1. This is a defendants’ appeal arising out of a suit for redemption. A mortgage by conditional sale dated 47th June 1888, was executed by Ramsaran, the grandfather of Somnath and the great-grandfather of Ranjit. In 1909 after the new Civil P.C. had come into force, the mortgagees brought a suit for foreclosure and impleaded all the members of the family including the present plaintiff Somnath. Ranjit, plaintiff, was not even born then. The plaintiffs proposed to make Gaya, the father of Somnath, his guardian. It is not quite clear how the interest of Gaya was in any way adverse to Somnath, but Gaya apparently declined to act as guardian, with the result that the Court appointed the Nazir of the Court as the guardian of Somnath minor. The other members of the family compromised the claim, but an ex-parte decree was passed against Somnath under the guardianship of the Nazir on the 25th of September 1909. It is not suggested that there was any irregularity up to this stage in the proceedings.

2. In 1910 the mortgagees made an application for the preparation of a final decree for foreclosure, but instead of impleading Somnath under the guardianship of the Nazir they impleaded him under the guardianship of his own father Gaya. Notice was issued to Gaya for himself and as guardian of his own son Somnath but; he did not object. A final decree for foreclosure was then prepared. But in this final decree Somnath’s name was mentioned without the addition of any words like “under the guardianship of the Nazir or Gaya.” Subsequently the mortgagees applied for formal delivery of possession and again impleaded Somnath under the guardianship of his father Gaya.

3. Now Somnath and his nephew Ranjit have brought this suit for redemption on the allegation that their rights have never been foreclosed. The Court of first instance dismissed the suit but on appeal the learned District Judge has decreed it. In my opinion this case raises substantial questions of law which require determination by a Division Bench. There is authority for the proposition that in preparing a final decree it is not absolutely necessary to issue fresh notice to the judgment-debtor. When the time fixed for the preliminary decree for payment has expired the mortgagors run the risk of a foreclosure decree being prepared, vide the case of Pandu Prabhu v. Juje Lobo (1904) 27 Mad 40, and the case of Tara Pado Ghose v. Kamini Dassi (1902) 29 Cal 644. There is, however, an observation in the case of Bibi Tasliman v. Harihar Mahto (1905) 32 Cal 253 that the Court itself has an inherent power to set aside an ex-parte decree which had been passed without notice to the mortgagor. All these cases were under the Transfer of Property Act. The learned District Judge in this case has conceded that it was not absolutely necessary to issue notice. What, however, he has held is that the Court decided to issue notice and did issue notice to Gaya and not to the Nazir. This, in the opinion of the learned Judge, amounted to an irregularity.

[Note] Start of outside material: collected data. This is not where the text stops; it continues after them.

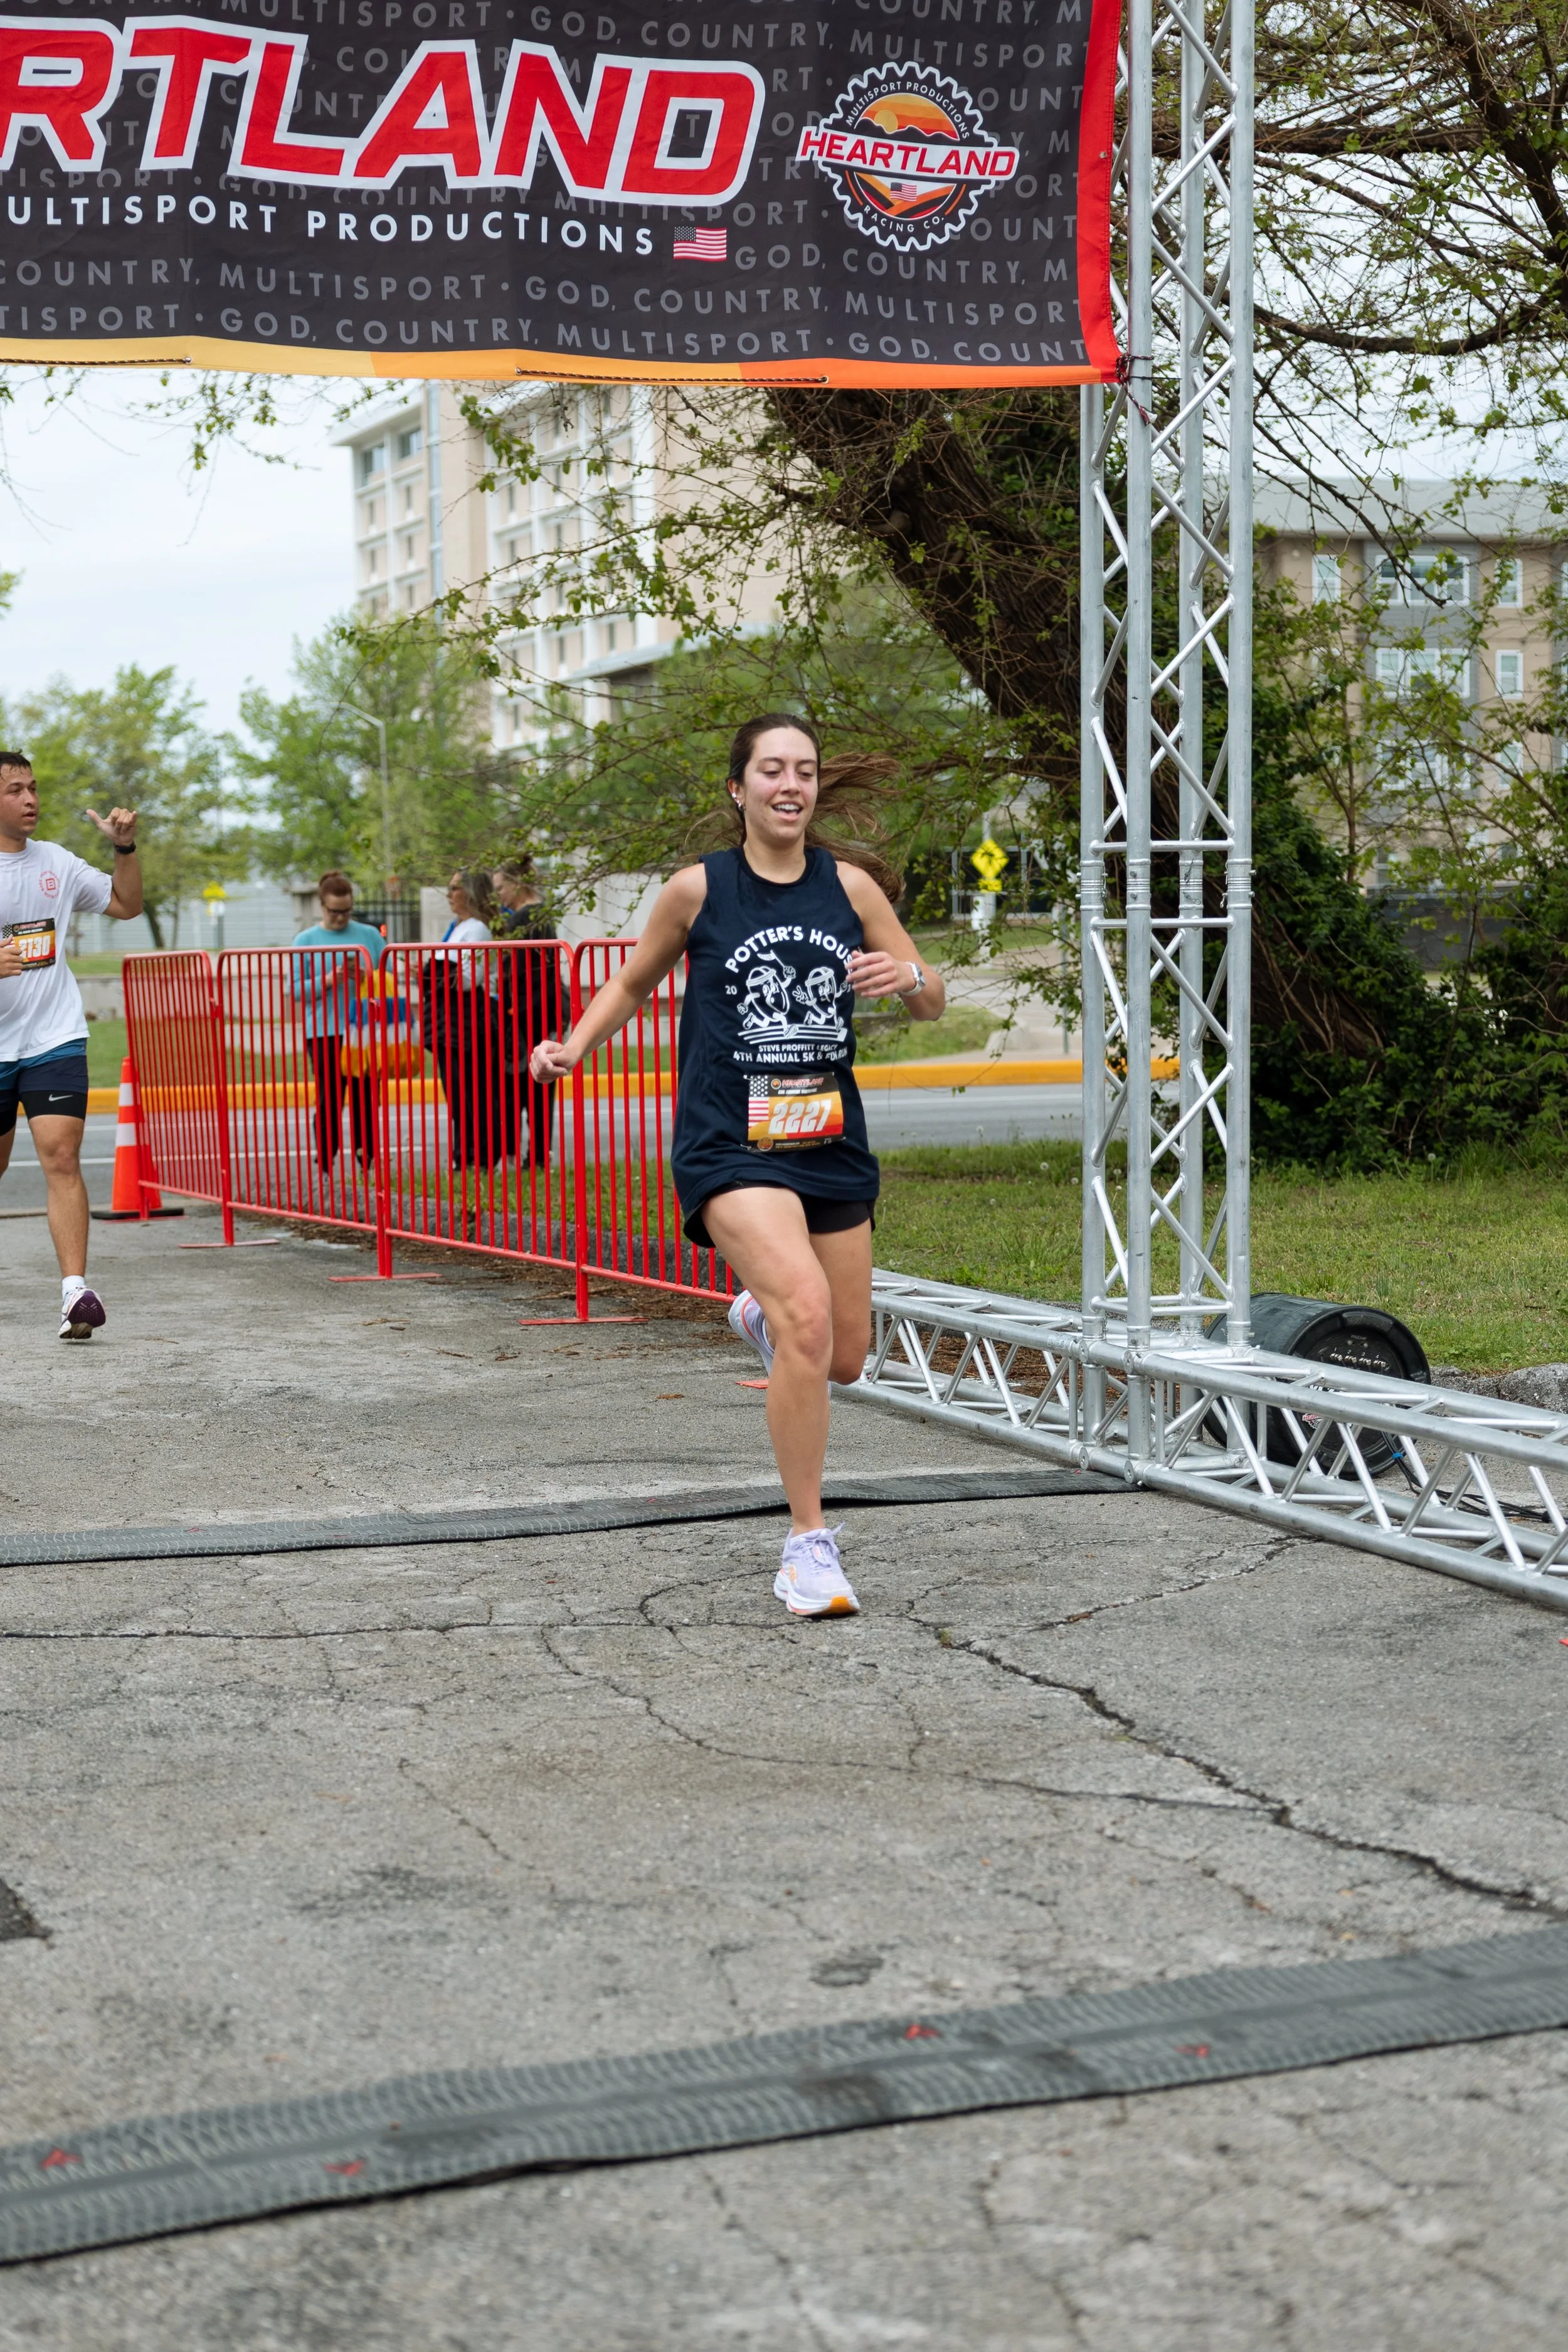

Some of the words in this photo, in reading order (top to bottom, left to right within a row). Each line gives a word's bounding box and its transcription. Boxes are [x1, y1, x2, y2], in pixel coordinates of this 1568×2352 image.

[531, 6, 621, 43] GOD,
[640, 21, 833, 50] COUNTRY,
[846, 82, 901, 127] MULTISPORT
[906, 81, 970, 139] PRODUCTIONS
[800, 131, 1016, 176] HEARTLAND
[7, 195, 277, 233] ULTISPORT
[307, 211, 653, 255] PRODUCTIONS
[863, 205, 914, 233] RACING
[923, 216, 944, 230] CO.
[735, 242, 827, 270] GOD,
[843, 248, 1025, 285] COUNTRY,
[0, 258, 200, 285] OUNTRY,
[220, 262, 486, 301] MULTISPORT
[526, 275, 617, 311] GOD,
[633, 285, 829, 314] COUNTRY,
[220, 307, 317, 342] GOD,
[336, 318, 539, 345] COUNTRY,
[557, 322, 811, 356] MULTISPORT
[849, 332, 938, 361] GOD,
[19, 935, 51, 959] 2130
[725, 926, 803, 973] POTTER'S
[809, 928, 852, 974] HOUS
[733, 1051, 753, 1062] 4TH
[756, 1053, 800, 1063] ANNUAL
[802, 1052, 815, 1061] 5K
[817, 1051, 822, 1060] &
[759, 1044, 780, 1052] STEVE
[768, 1099, 832, 1135] 2227

4. Another point mentioned is that in the final decree which was prepared, the name of Somnath alone was mentioned without the word “under the guardianship of the Nazir, “This has been taken to mean that ha was treated as a major and not a minor. This is said to be the second irregularity. The learned Judge has further held that inasmuch as Somnath has lost the right of redemption in consequence of the decree he has been prejudiced by the irregularities. The question whether the omissions mentioned above amount to irregularities is undoubtedly a substantial question of law.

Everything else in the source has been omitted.